In the end, if it goes, the memory of the book will either be exterminated, merely forgotten, or enshrined by some freakish bibliophilia committee as the centerpoint of some futurist, knowledge-based cargo cult. And however it goes, the book will remain as at least a symbol.

But in the meantime there is all kinds of mawkishness about books and print media in general. It seems that the publication industry gets more fatalistic while the technology industry fills with empty hype. There is no real confrontation between the two industries. Largely, the recent history of the matter is that the print industry has had to accept and learn to work with tech, gadget, and electronics industries. It's not really the same as the music industry and the internet, though there are similarities.

So these publishers and maybe even some bibliophiles are very worried and the internet is very unconcerned. That's basically the gist of the story. In my mind television, the postal service, and radio are the real danger zones, and they're still around more than ten years after the internet. Writing killed or perverted most oral tradition anyway, so whatever happens at this point is fair and not unprecedented.

4/8/11

State of the Internet

There was a glorious time when lots of TV series were freely available on YouTube, and there weren't just nonsense links. That era peaked maybe four years ago, at this point in time. Piracy is obviously still rampant, but when you could rustle up a genuine, entire series on, at last resort, a Chinese or French video site – happier days.  Now you look around and your feet start kicking rebelliously at the leash. Unboxings, music videos, shout outs, 'viral videos': the entire goddamn world's PR department, is what this nonsense is. Oh look, some Minecraft videos, failblog videos, LPs, bro? Rants? No, YouTube is still of some definite worth.

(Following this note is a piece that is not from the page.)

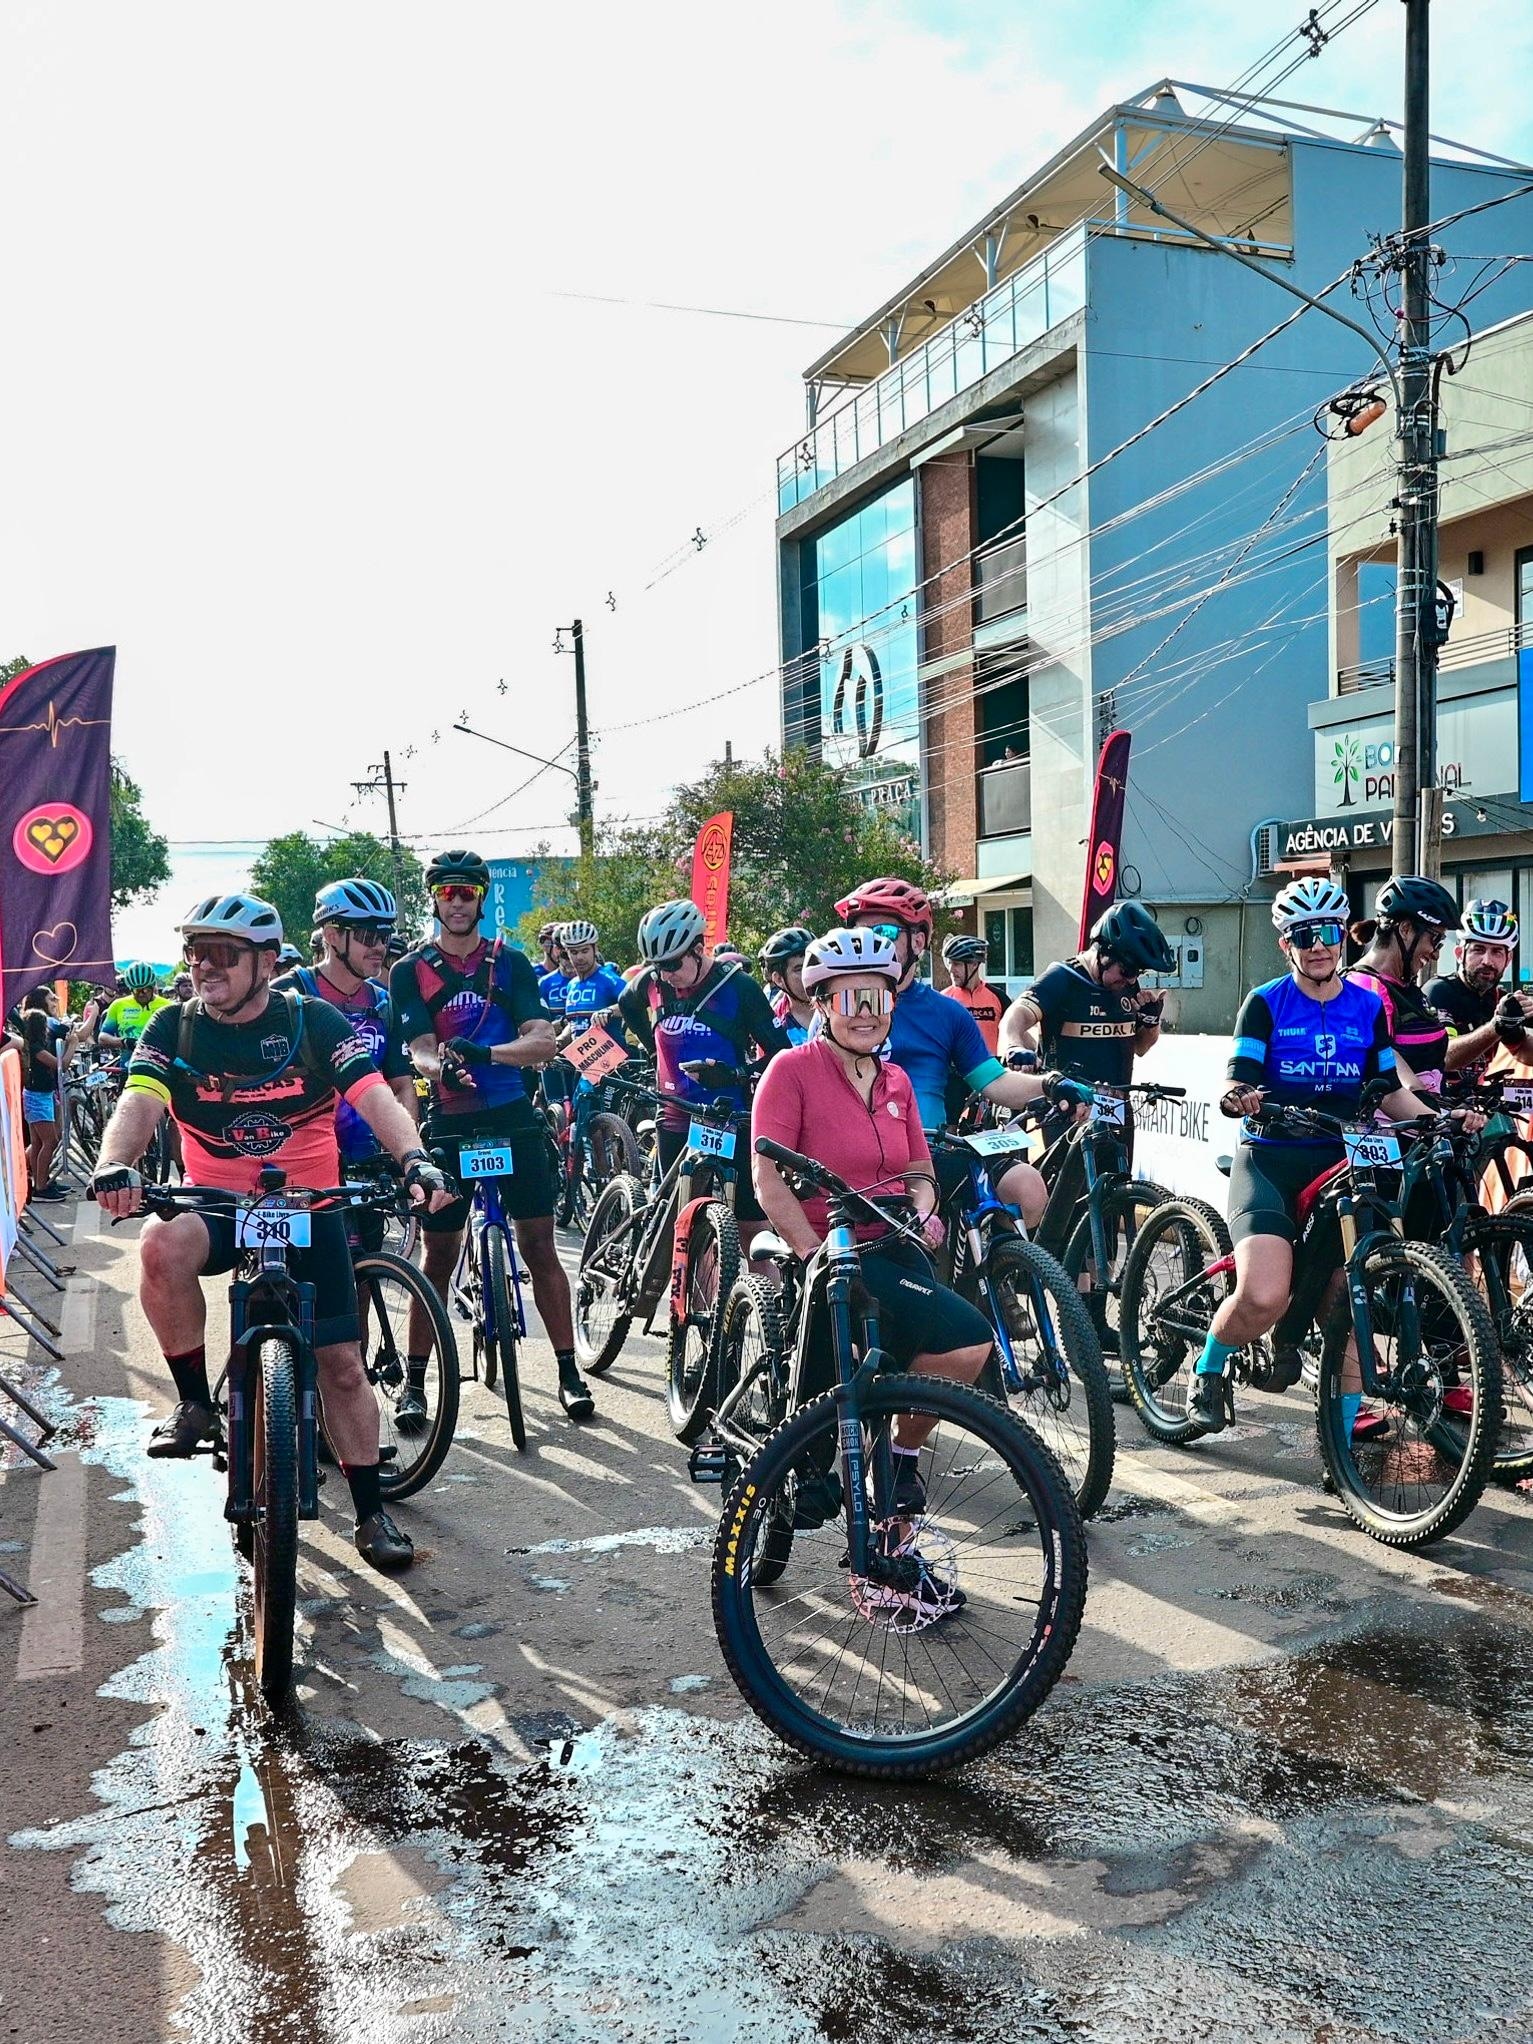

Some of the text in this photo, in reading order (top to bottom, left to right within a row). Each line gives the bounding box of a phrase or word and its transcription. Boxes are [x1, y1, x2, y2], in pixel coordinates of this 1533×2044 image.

I have been following at some distance The Young Turks' channel on YouTube; they always play a good hand at the stories they go after. Then there's the University of Nottingham's chemistry channel which is a nice blend of theory and sci-porn (mostly the former, obviously). There are also about 20 channels, each with three or four subsidiaries, which show up regularly (daily) in the top 100 - which as a rule I mistrust. Those view numbers are scary things, when you start thinking about the raw amount of time they represent. More or less, though, right?

Russia Today is always worth watching if you're in the habit of watching news and analyzing things as they are reported: I find that, between all the sources you are given as options, you get some shadowy idea of events, but very sharp impressions from the camera. That sounds in theory like a bait and switch scenario, right? I'm not trying to say anything that's just a consequential thought. Valid question I suppose.

And there are lots of niche channels that could appeal to you on YouTube and a fair bit of actually interesting or informative or pirated (good luck to the cyber detectives) material that can be found with the investment of a few minutes' thorough work.

Clearly, every wise person on earth would've thrown out their books if the internet was really the summit of civilization, so I think that book-apocalyptics stories about the internet, while dismally abundant, are still kind of a trite narrative device. So many noxious books have been printed and sold and hoarded and worshiped that, even counting the good ones, you have a general argument that a lot of paper was wasted and a lot of dirty solitary habits created. Some public habits, entire modes of thought, dependencies: you could go and talk about it.

But I recommend you read about it somewhere, instead.